= What this task involves =
Span requested from the data below: the line with "Some of the words" through the line with "this 1200×1600 image.", both included. Give only these lines again, exactly, and leave every picture out.

----- Supplied data

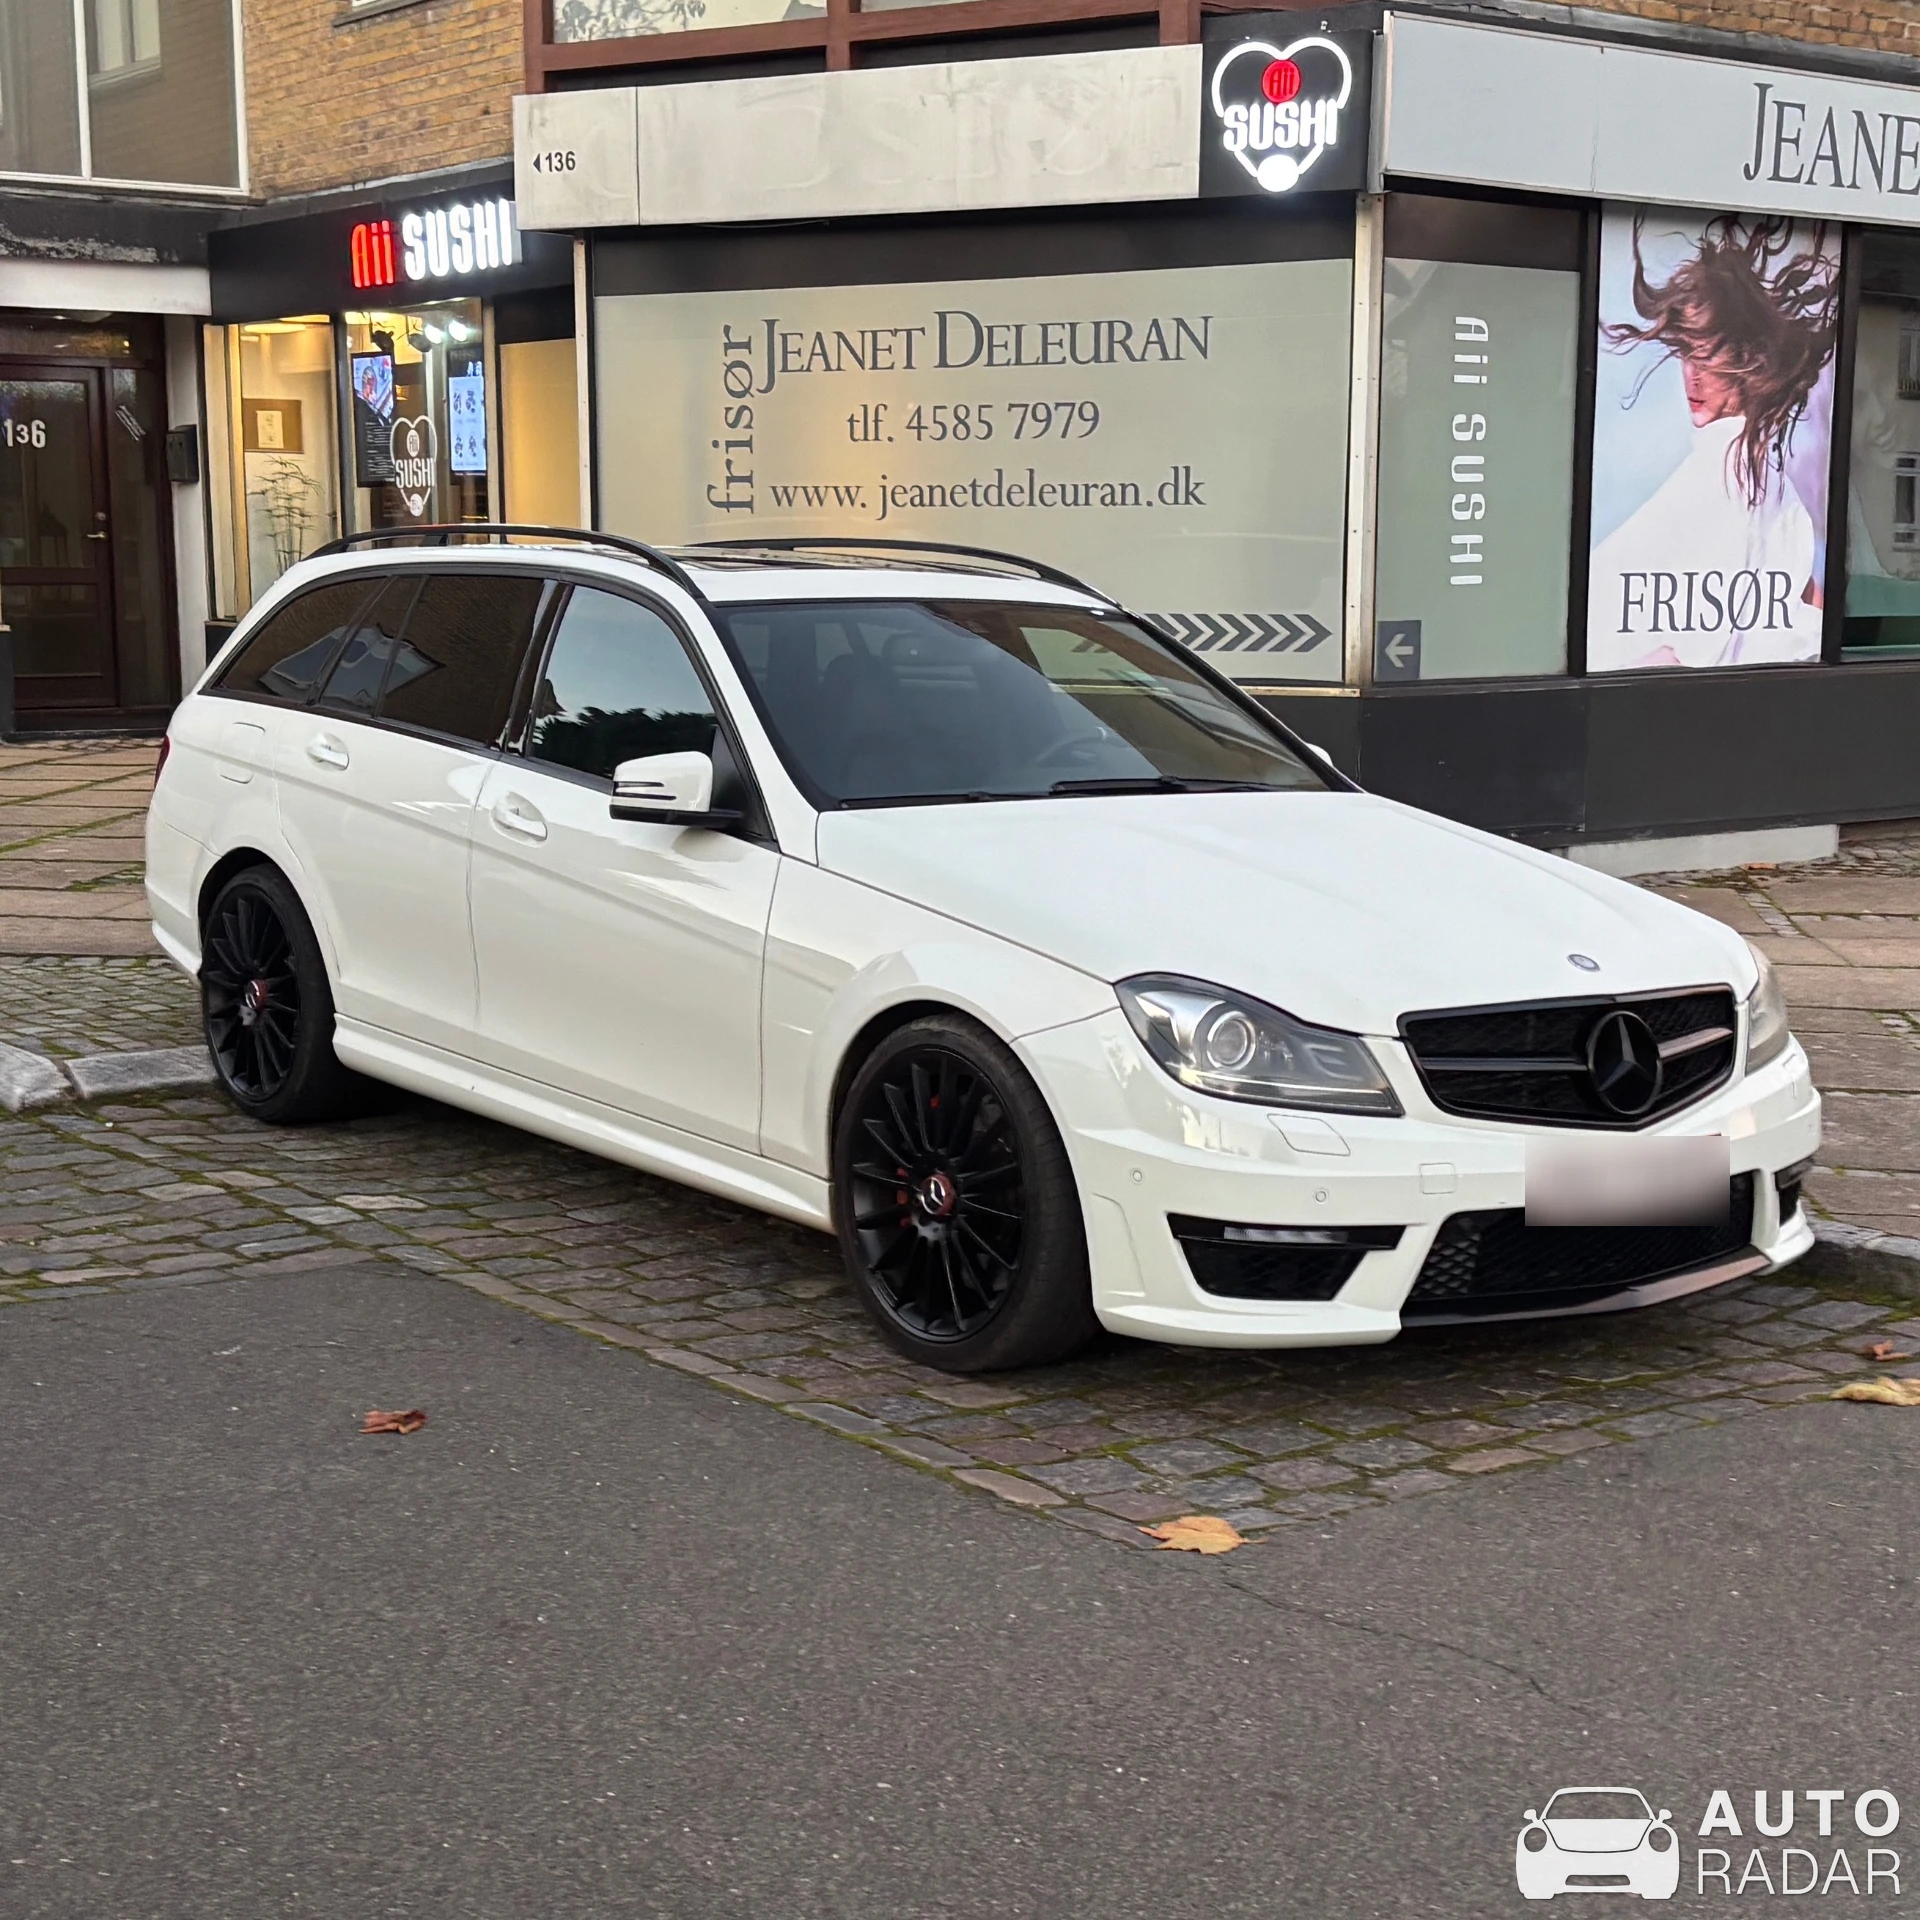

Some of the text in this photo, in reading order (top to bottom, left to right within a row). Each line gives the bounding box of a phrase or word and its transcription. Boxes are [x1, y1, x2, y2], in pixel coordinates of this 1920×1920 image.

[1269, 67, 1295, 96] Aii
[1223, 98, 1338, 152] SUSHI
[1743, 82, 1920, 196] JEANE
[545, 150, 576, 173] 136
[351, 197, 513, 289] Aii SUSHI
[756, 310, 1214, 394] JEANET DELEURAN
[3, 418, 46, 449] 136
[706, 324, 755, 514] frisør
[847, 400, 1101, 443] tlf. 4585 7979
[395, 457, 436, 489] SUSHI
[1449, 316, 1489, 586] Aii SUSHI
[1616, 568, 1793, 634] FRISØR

----------
----- Supplied data

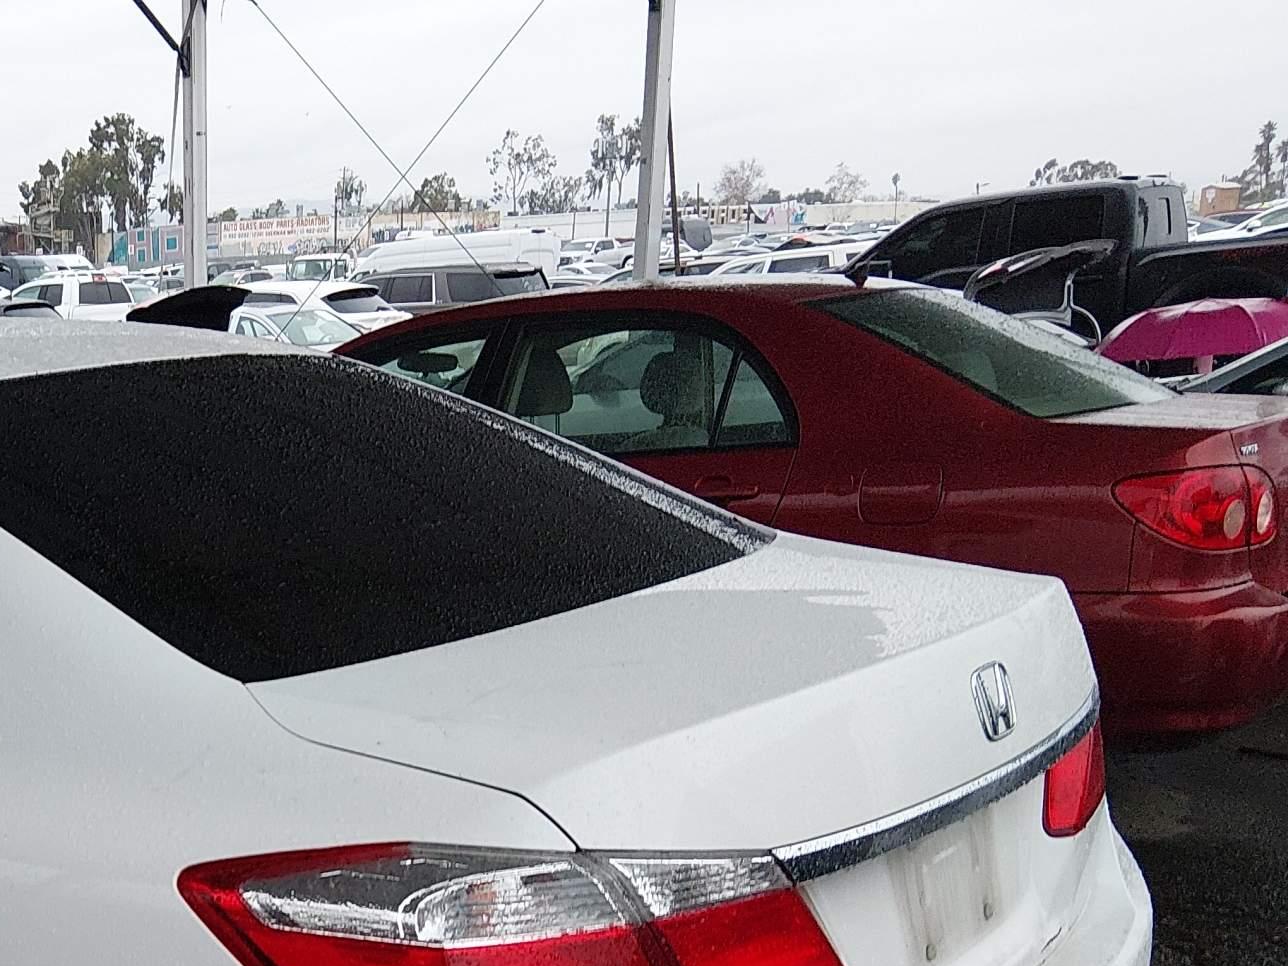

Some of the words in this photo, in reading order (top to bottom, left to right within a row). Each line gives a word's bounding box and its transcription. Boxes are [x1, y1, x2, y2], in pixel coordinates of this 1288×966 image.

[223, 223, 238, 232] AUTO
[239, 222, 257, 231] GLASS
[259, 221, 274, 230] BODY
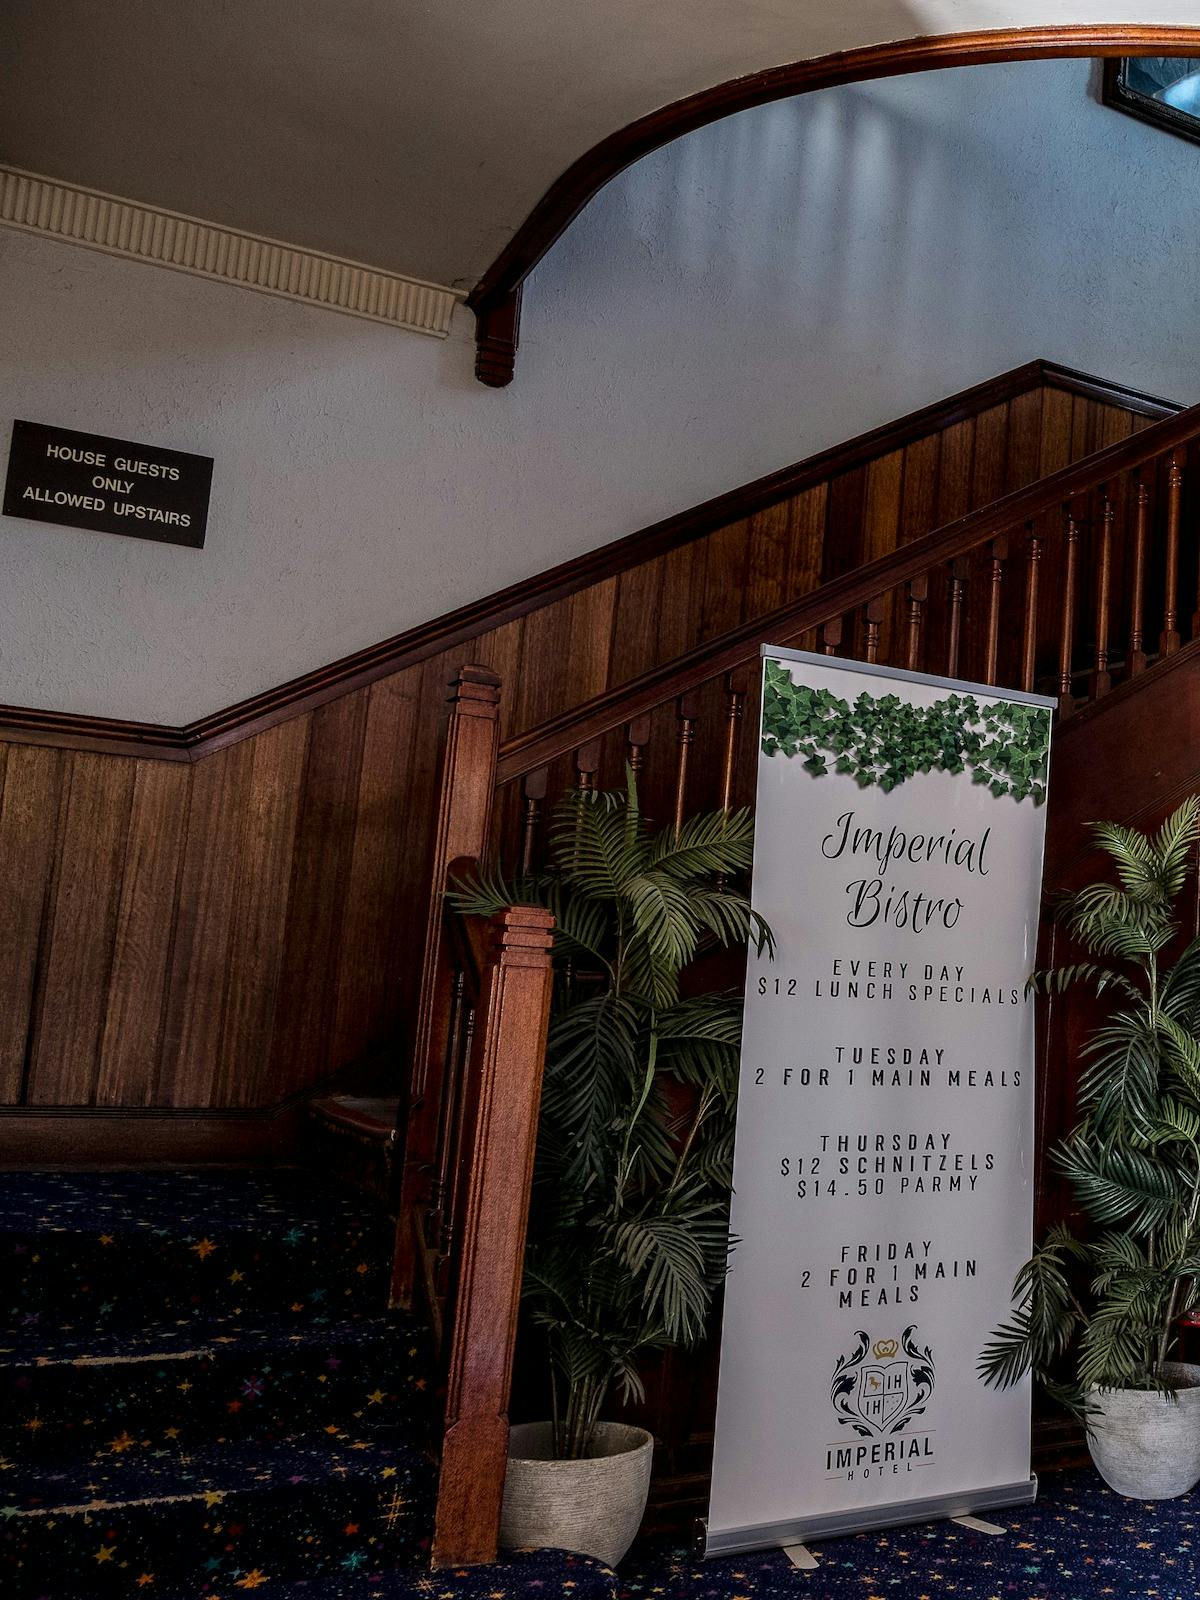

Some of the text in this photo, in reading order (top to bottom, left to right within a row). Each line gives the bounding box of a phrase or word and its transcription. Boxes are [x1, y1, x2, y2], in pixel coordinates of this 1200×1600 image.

----------
----- Supplied data

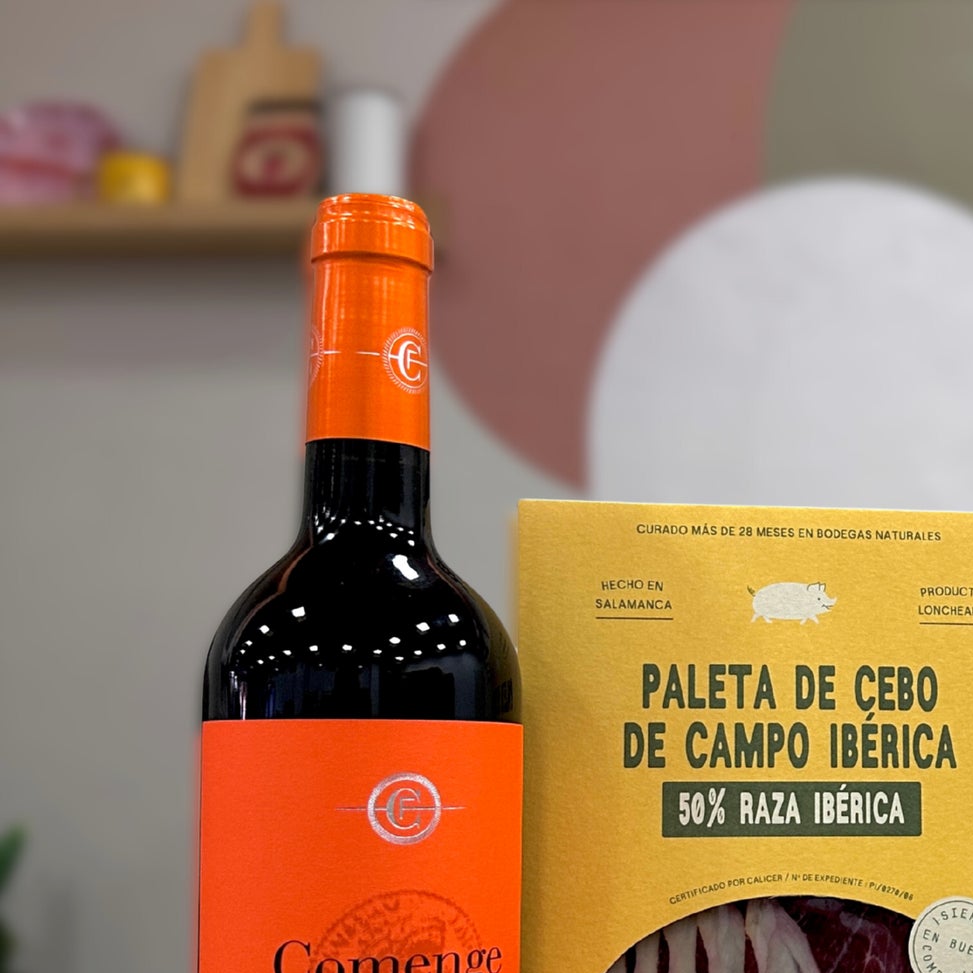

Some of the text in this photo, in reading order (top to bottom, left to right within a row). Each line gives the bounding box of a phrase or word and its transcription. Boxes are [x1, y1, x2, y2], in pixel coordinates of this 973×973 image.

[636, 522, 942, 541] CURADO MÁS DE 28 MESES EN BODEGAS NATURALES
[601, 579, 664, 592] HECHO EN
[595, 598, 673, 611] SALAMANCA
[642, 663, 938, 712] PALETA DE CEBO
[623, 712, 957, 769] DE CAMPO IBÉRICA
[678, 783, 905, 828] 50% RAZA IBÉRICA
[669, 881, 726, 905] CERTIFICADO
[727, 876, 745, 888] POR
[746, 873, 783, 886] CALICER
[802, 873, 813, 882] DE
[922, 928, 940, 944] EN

----------

= Response =
Some of the words in this photo, in reading order (top to bottom, left to right within a row). Each line gives a word's bounding box and its transcription. Boxes are [x1, y1, x2, y2], in pixel coordinates of this 1288×966 image.

[223, 223, 238, 232] AUTO
[239, 222, 257, 231] GLASS
[259, 221, 274, 230] BODY

Some of the text in this photo, in reading order (top to bottom, left to right within a row). Each line gives the bounding box of a phrase or word and its transcription. Boxes are [x1, y1, x2, y2], in pixel coordinates of this 1200×1600 image.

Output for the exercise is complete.